**Directions**. A word-for-word repeat of the records below is what this calls for.

**Extracted information**.
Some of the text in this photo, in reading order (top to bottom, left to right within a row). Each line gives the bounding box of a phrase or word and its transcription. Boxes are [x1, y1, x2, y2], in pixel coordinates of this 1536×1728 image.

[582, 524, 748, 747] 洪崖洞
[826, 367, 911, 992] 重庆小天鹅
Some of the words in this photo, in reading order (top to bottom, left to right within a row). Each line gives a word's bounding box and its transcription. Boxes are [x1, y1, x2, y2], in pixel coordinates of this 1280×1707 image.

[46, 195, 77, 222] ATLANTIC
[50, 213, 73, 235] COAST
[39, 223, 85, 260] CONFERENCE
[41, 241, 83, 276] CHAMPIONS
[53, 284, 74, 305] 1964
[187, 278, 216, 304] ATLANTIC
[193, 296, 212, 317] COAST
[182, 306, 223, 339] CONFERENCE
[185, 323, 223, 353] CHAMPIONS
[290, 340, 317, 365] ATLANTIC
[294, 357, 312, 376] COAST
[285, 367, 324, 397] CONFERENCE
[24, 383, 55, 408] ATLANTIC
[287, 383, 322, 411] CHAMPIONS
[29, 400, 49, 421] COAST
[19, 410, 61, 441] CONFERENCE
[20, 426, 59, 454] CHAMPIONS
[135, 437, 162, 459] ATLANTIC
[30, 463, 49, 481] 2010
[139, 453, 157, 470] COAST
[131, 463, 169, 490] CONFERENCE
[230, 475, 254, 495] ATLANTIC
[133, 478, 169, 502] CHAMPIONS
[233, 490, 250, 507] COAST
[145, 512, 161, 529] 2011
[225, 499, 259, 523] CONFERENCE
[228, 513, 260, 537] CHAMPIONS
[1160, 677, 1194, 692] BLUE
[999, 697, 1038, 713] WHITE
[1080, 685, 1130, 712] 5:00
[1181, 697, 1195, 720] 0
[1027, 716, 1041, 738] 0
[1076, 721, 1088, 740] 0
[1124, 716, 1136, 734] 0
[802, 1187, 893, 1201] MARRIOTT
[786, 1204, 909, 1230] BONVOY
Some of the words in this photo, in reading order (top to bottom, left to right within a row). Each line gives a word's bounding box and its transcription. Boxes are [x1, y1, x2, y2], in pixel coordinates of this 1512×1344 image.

**Task response**.
Some of the text in this photo, in reading order (top to bottom, left to right within a row). Each line gives the bounding box of a phrase or word and its transcription. Boxes are [x1, y1, x2, y2], in pixel coordinates of this 1536×1728 image.

[582, 524, 748, 747] 洪崖洞
[826, 367, 911, 992] 重庆小天鹅
Some of the words in this photo, in reading order (top to bottom, left to right within a row). Each line gives a word's bounding box and its transcription. Boxes are [x1, y1, x2, y2], in pixel coordinates of this 1280×1707 image.

[46, 195, 77, 222] ATLANTIC
[50, 213, 73, 235] COAST
[39, 223, 85, 260] CONFERENCE
[41, 241, 83, 276] CHAMPIONS
[53, 284, 74, 305] 1964
[187, 278, 216, 304] ATLANTIC
[193, 296, 212, 317] COAST
[182, 306, 223, 339] CONFERENCE
[185, 323, 223, 353] CHAMPIONS
[290, 340, 317, 365] ATLANTIC
[294, 357, 312, 376] COAST
[285, 367, 324, 397] CONFERENCE
[24, 383, 55, 408] ATLANTIC
[287, 383, 322, 411] CHAMPIONS
[29, 400, 49, 421] COAST
[19, 410, 61, 441] CONFERENCE
[20, 426, 59, 454] CHAMPIONS
[135, 437, 162, 459] ATLANTIC
[30, 463, 49, 481] 2010
[139, 453, 157, 470] COAST
[131, 463, 169, 490] CONFERENCE
[230, 475, 254, 495] ATLANTIC
[133, 478, 169, 502] CHAMPIONS
[233, 490, 250, 507] COAST
[145, 512, 161, 529] 2011
[225, 499, 259, 523] CONFERENCE
[228, 513, 260, 537] CHAMPIONS
[1160, 677, 1194, 692] BLUE
[999, 697, 1038, 713] WHITE
[1080, 685, 1130, 712] 5:00
[1181, 697, 1195, 720] 0
[1027, 716, 1041, 738] 0
[1076, 721, 1088, 740] 0
[1124, 716, 1136, 734] 0
[802, 1187, 893, 1201] MARRIOTT
[786, 1204, 909, 1230] BONVOY
Some of the words in this photo, in reading order (top to bottom, left to right within a row). Each line gives a word's bounding box and its transcription. Boxes are [x1, y1, x2, y2], in pixel coordinates of this 1512×1344 image.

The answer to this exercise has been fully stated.